* **WORK TASK**
Write the data out again exactly, with no pictures.
......
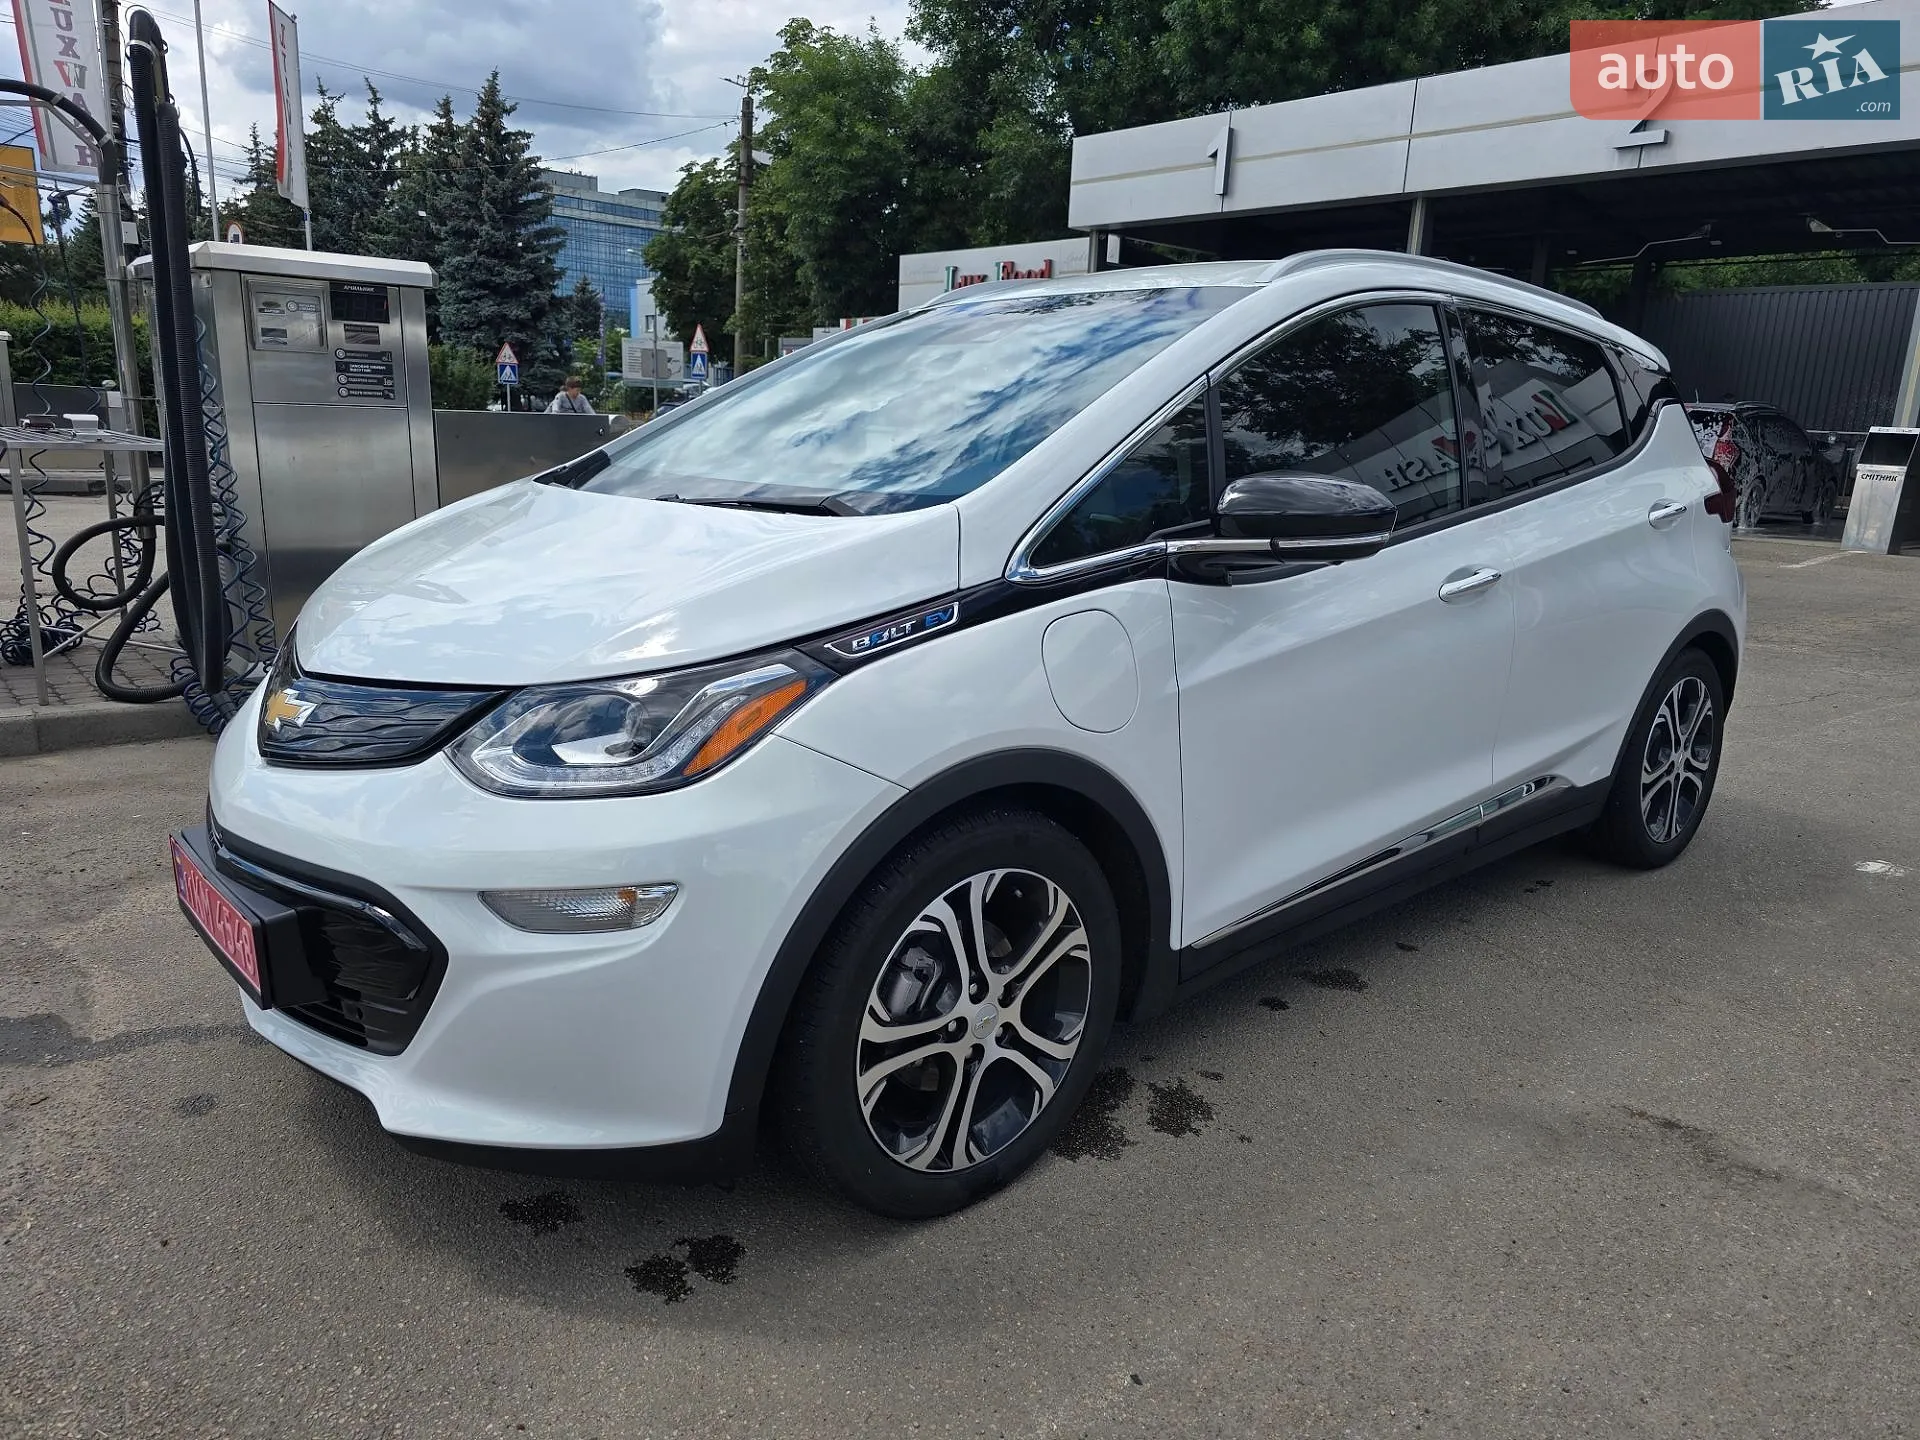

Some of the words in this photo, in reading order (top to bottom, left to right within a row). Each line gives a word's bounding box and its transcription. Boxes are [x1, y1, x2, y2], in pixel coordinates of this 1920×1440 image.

[1206, 126, 1234, 196] 1
[1860, 473, 1898, 482] СМІТНИК
[852, 620, 917, 652] BOLT
[924, 608, 953, 628] EV
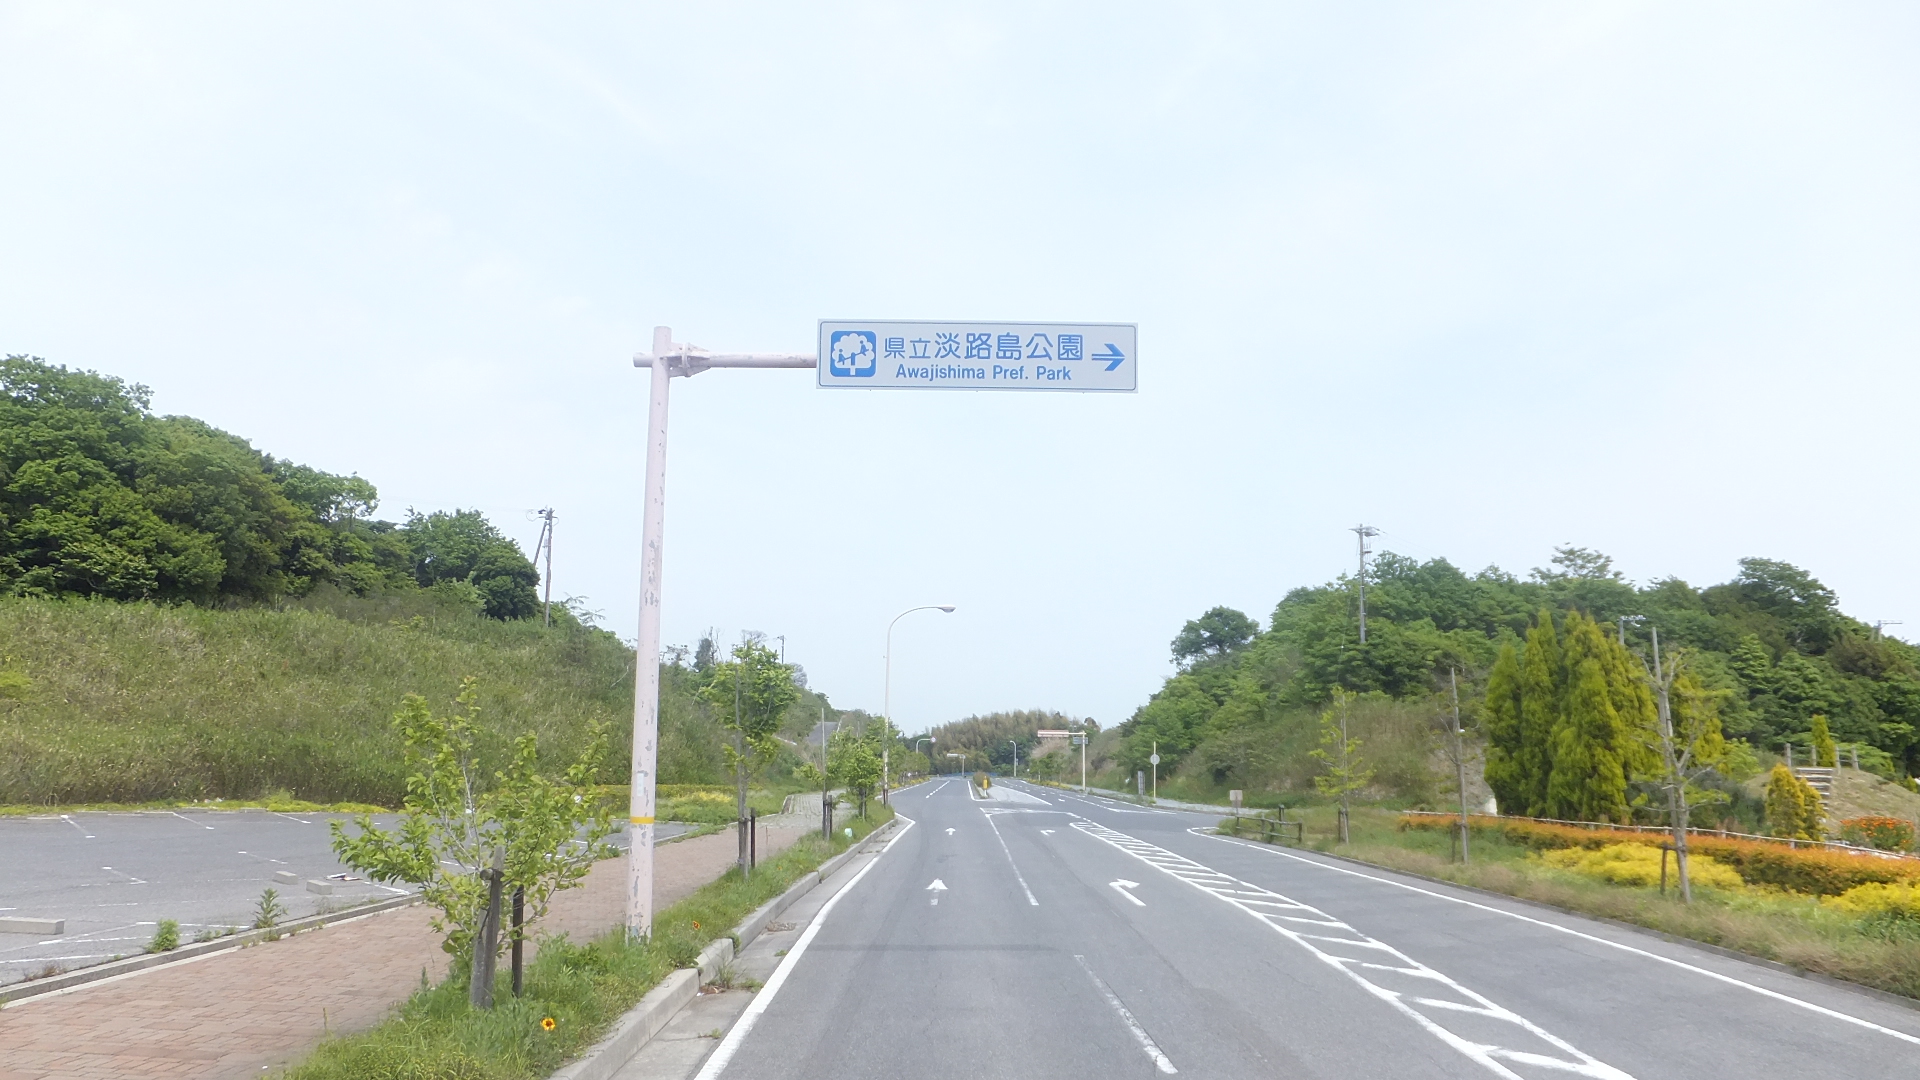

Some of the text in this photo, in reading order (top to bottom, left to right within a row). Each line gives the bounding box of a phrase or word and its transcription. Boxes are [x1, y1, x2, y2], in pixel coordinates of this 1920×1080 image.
......
* **EXERCISE ANSWER**
Some of the words in this photo, in reading order (top to bottom, left to right within a row). Each line gives a word's bounding box and its transcription. Boxes are [x1, y1, x2, y2], in pixel coordinates of this 1920×1440 image.

[1206, 126, 1234, 196] 1
[1860, 473, 1898, 482] СМІТНИК
[852, 620, 917, 652] BOLT
[924, 608, 953, 628] EV

Some of the text in this photo, in reading order (top to bottom, left to right within a row). Each line gives the bounding box of a phrase or word and its transcription. Boxes are [x1, y1, x2, y2], in pixel coordinates of this 1920×1080 image.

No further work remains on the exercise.